Base is used in the sense of low-born, in opposition to noble or precious metal.[1] In alchemy, a base metal was a common and inexpensive metal, as opposed to precious metals, mainly gold and silver. A long-time goal of the alchemists was the transmutation of base metal into precious metal.

In numismatics, coins used to derive their value primarily from the precious metal content. Most modern currencies are fiat currency, allowing the coins to be made of base metal.[citation needed]

In mining and economics, the term base metals refers to industrial non-ferrous metals excluding precious metals. These include copper, lead, nickel and zinc.[2] The U.S. Customs and Border Protection is more inclusive in its definition.

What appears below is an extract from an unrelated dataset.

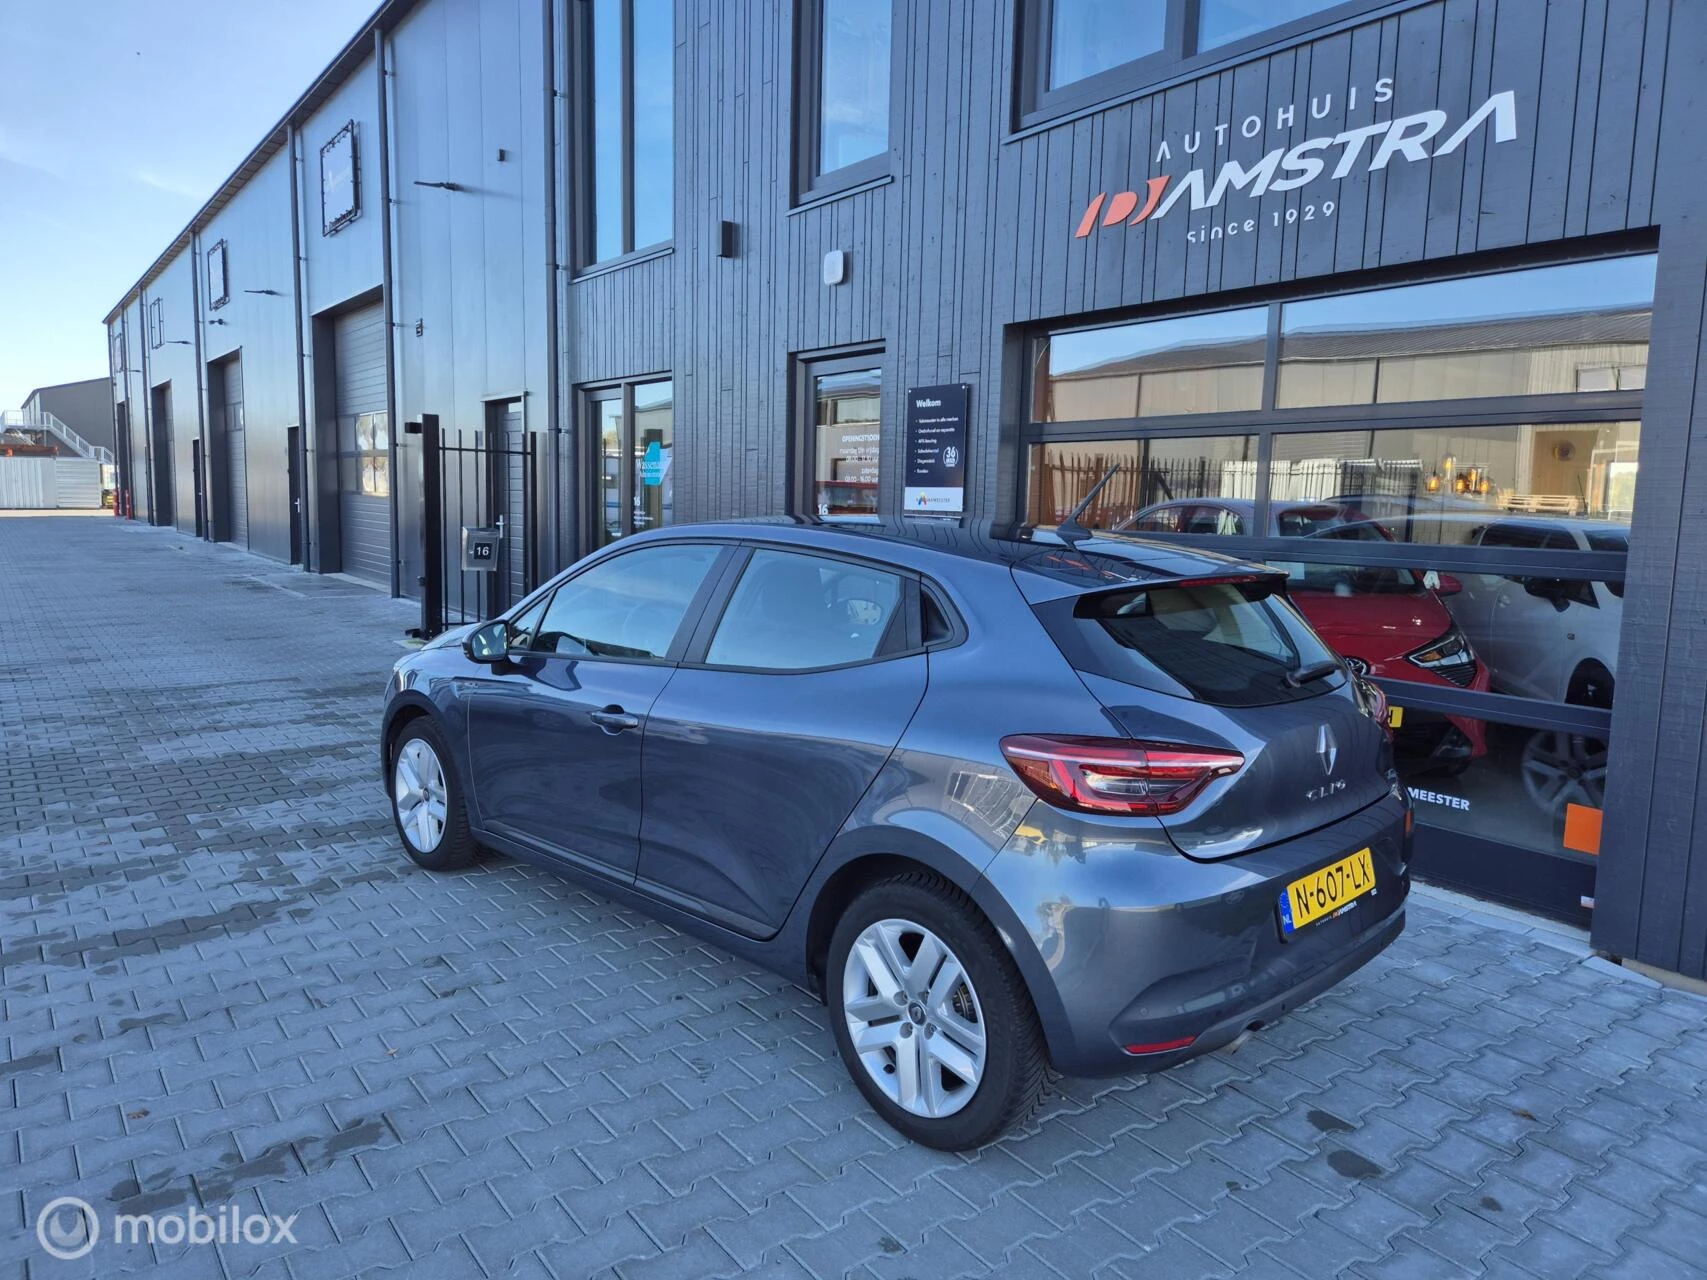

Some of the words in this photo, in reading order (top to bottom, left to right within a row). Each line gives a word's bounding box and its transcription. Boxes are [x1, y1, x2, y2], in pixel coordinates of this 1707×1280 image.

It includes, in addition to the four above, iron and steel, aluminium, tin, tungsten, molybdenum, tantalum, cobalt, bismuth, cadmium, titanium, zirconium, antimony, manganese, beryllium, chromium, germanium, vanadium, gallium, hafnium, indium, niobium, rhenium and thallium.[3]

In the context of plated metal products, the base metal underlies the plating metal, as copper underlies silver in Sheffield plate.

Zamak is an alloy used in casting (metalworking) which is sometimes called 'base metal' or deprecated as 'muckite'.[citation needed]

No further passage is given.